Hi again - just incase you didn't get the message on the donor thread. The donor conception network site offers a wealth of info. about using a donor. I can't really help with your particular situation as we're at a clinic.
 good luck, spooks x


----------



## Lucy+Dave (Jul 22, 2008)

Many thanks Spooks, I'll have a look at that site now - thanks so much 

oh and you're right it's Lucy not Dave


----------



## olivia m (Jun 24, 2004)

Hi Lucy
So pleased that Spooks has recommended our web site as a source of information, guidance and support.  You will certainly find all of that - and more - there, but you will not find much about using known donors, particularly outside of the clinic system.  We do have some families who have done this, but their donor has been known to them for some time...in other words is a trusted friend...and definitely have children of their own.  Recruiting a donor via the internet, or anywhere else, is fraught with potential problems, short and long term and this is why we do not recommend it.  I can certainly understand why you feel it might be much nicer to conceive at home with sperm from someone you have met, but unless there is a long-standing trusting relationship, you really cannot know what you are getting in to.  There is an article on our site about taking a known donor to a clinic, in order that the insemination can be done under the auspices of the Human Fertilisation and Embryology Act.  This could be possible for you, but I know that in that particular case, the donor is a long-standing friend.
Do give this careful thought, and in the meantime you are very welcome to join the Network and be in touch with others at your stage of the DC journey and beyond.
Best wishes
Olivia


----------



## Lucy+Dave (Jul 22, 2008)

Thank you so much for your post Olivia   I'm getting there reading through the site.
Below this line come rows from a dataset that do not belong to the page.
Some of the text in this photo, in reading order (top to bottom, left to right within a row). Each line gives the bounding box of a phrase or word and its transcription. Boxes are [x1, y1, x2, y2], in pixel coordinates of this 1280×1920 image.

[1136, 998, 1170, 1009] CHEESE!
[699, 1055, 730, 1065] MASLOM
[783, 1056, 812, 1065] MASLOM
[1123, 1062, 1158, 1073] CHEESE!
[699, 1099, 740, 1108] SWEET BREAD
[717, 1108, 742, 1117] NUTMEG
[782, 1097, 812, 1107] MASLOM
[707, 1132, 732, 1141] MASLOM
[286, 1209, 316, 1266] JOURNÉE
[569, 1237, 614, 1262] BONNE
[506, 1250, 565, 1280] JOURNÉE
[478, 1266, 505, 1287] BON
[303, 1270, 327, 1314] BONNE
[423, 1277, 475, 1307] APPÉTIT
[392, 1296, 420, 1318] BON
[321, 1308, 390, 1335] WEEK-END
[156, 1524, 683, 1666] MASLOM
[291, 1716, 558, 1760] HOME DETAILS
Any chance I could ask, that's if you have the time, to point out the worse case of senario and all the risks involved with using live sperm donor, if you'd prefer you can pm me. Again thank you


----------



## olivia m (Jun 24, 2004)

Hi Lucy
Worst case scenario - which has happened to one of our member families, is that the donor has changed his mind about contact with the child and went to court claiming the same rights as an estranged father.  He has been awarded these rights and the child now has to see him regularly, even though he has a dad at home.
Another scenario is that the donor doesn't want any contact at all, but that as you know who he is you have to decide what to tell your child.  A child may feel abandoned by someone who knowingly helped to make him but doesn't want to have anything to do with him.  You could say that you don't know who the donor is, but this would put a lie between you and your child and lies of this magnitude are not good for families.
Of course these things might not happen, but why take the risk?
Olivia


----------